In 2017, YouTube came under scrutiny for censoring LGBTQ content. After wide criticism, YouTube apologized for mistakes in their censorship of restricted mode that mistakenly censored LGBTQ content and mentioned Hardell's channel as one of the examples where their algorithm mistakenly classified their content as restricted.

In 2019, YouTube came under further scrutiny for their weak response to harassment of LGBTQ content creators. Hardell was quoted in The Guardian that they received little support from the company despite years of harassment. Hardell talked about hoping that YouTube revamps their harassment policy and more specifically lays out their rules.

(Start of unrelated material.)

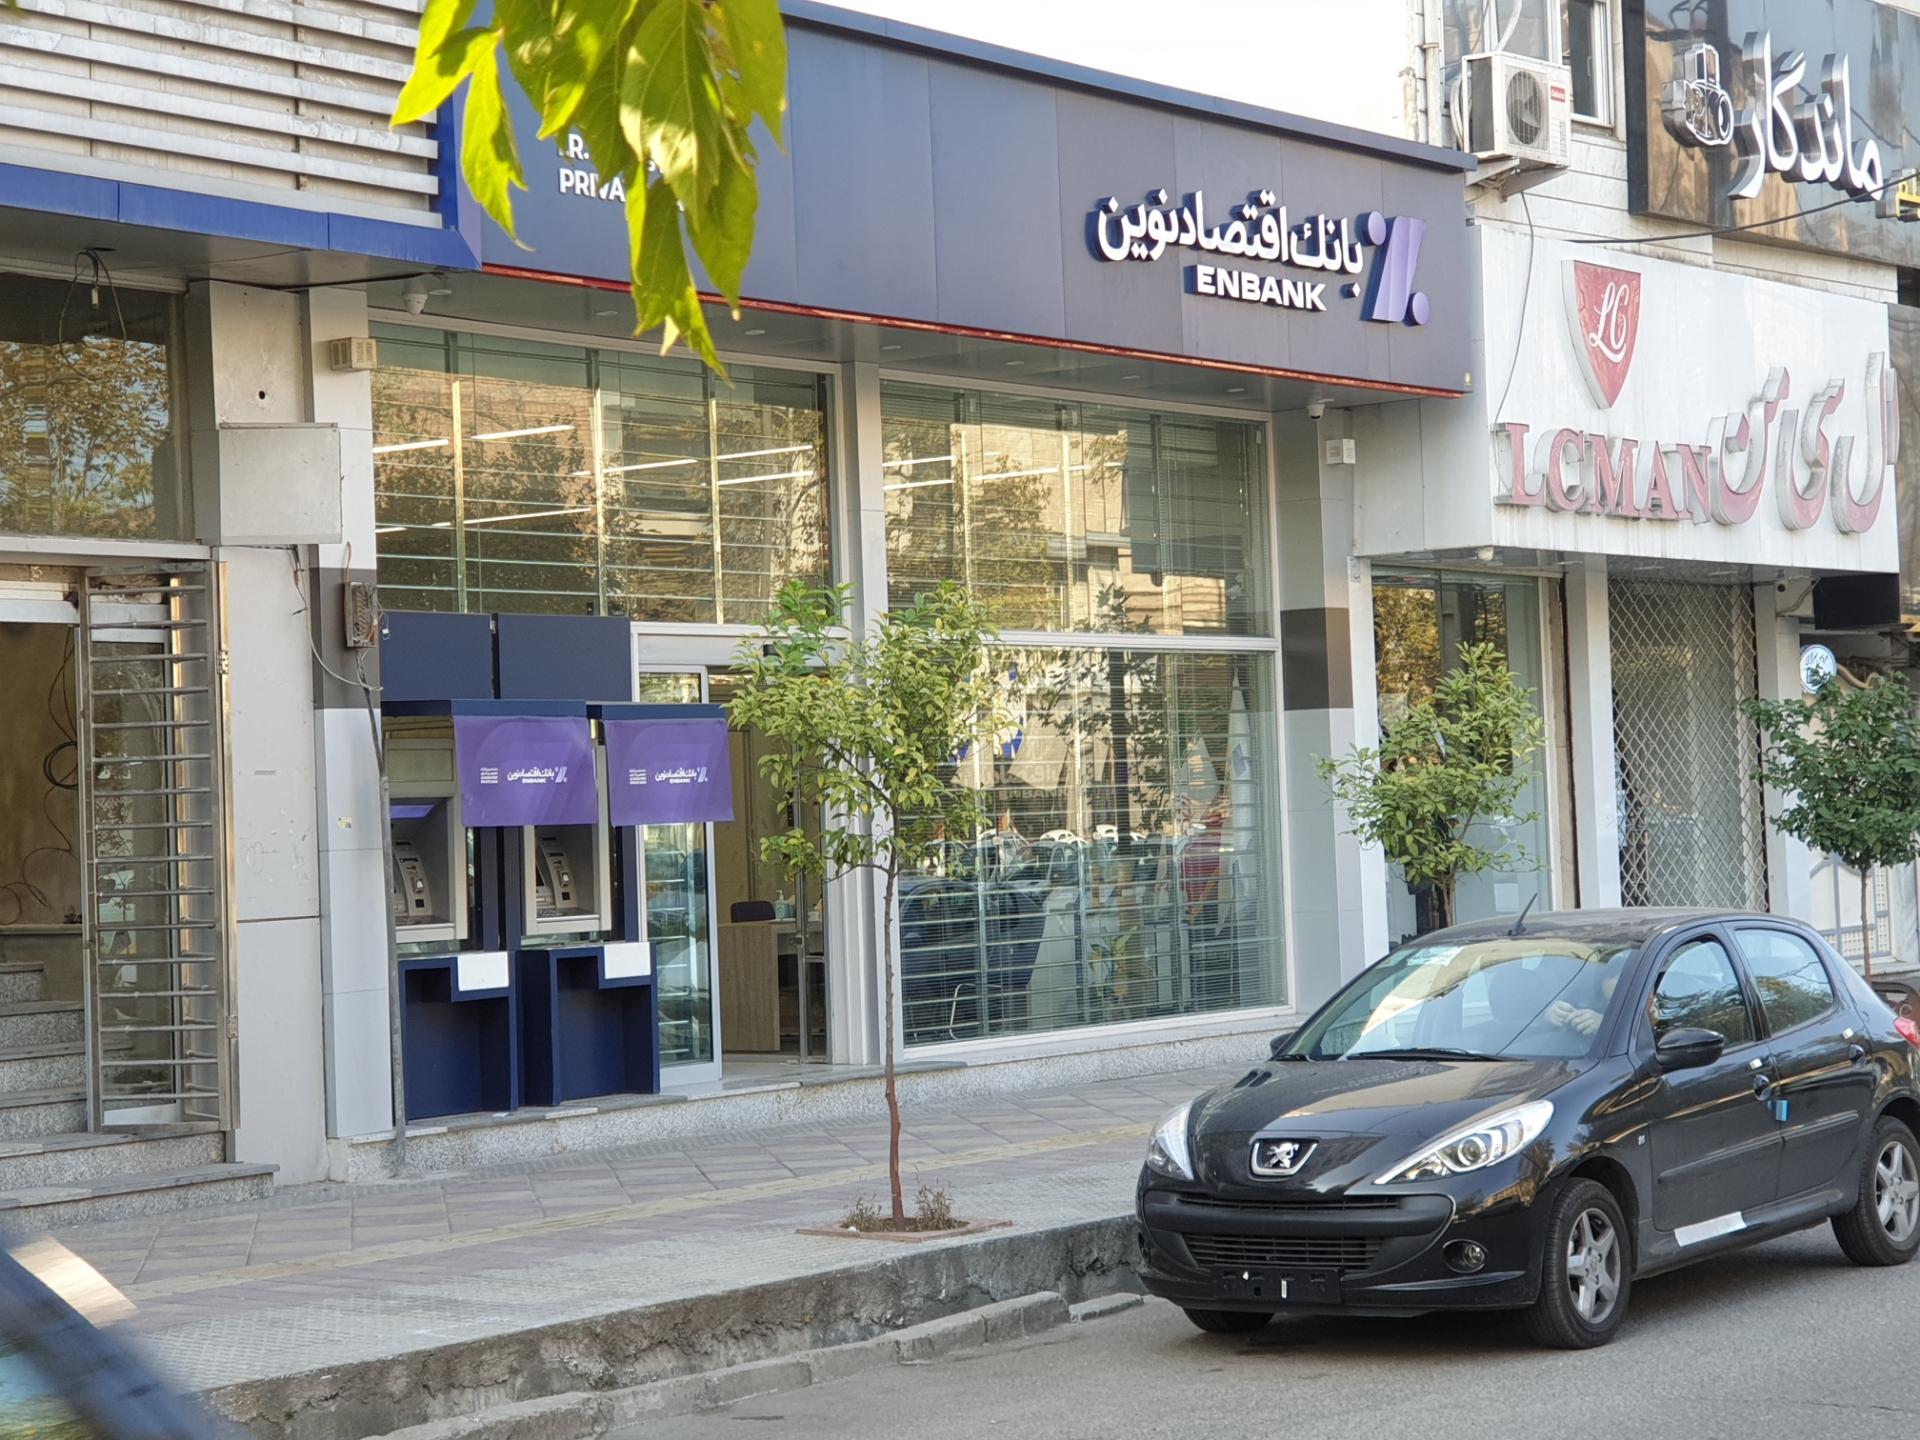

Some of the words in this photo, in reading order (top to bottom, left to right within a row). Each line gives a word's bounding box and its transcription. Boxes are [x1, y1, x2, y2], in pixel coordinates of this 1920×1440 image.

Hardell took a break from posting videos at the end of 2019 and returned to posting content in 2022 after a two and a half year break in their video titled Trauma. Transphobia. And the Internet. (why I left for 2.5 years) in which they talk about the extensive harassment they received from social media audiences as well as other transphobic content creators and their followers.

====Second YouTube channel====
They also sometimes post on their second YouTube channel titled More Ash and Gray that focuses on more personal content, alongside their partner Gray.

===Book===
Hardell published the book ABC's of LGBT+ in 2016, which has been widely cited for its in-depth definitions of LGBT+ terms. The book was a #1 best seller on Amazon. The book was based on a videos series of the same name that Hardell created on their YouTube channel in 2014.

In November 2017, they published a free accompaniment to the book, titled The GayBC's of LGBTQ+.

In 2022, Hardell published a Companion Guide to the book, titled ABCs of LGBT+ Guided Journal: A Companion Guide to Ash Hardell’s The ABC’s of LBGT (Teen & Young Adult Social Issues, LGBTQ+, Gender Expression).

==Media and events==
- In February 2017, they appeared as guest star on the online radio show The Hannah Witton Show with British personality Hannah Witton.
- In June 2017, Hardell appeared as a guest on the Podcast Transmission with author and content creator Jackson Bird during an appearance at VidCon.
- In 2019, Hardell was a panelist at the 7th annual Buffer Festival in Toronto.

==Awards and recognitions==
In 2017, Hardell was nominated for a Shorty Award in the LGBTQ+ YouTube Channel category.

The book "ABC's of LGBT+" was recognized in 2018 in the ALA Rainbow Book List in the Young Adult Nonfiction category.

==Bibliography==
- The ABC's of LGBT+ (Mango Media, 2016, ISBN 9781633534094)

==Personal life==
Hardell is originally from Minneapolis, Minnesota. They are non-binary, transgender, and pansexual. Hardell is married to their spouse Grayson Hardell.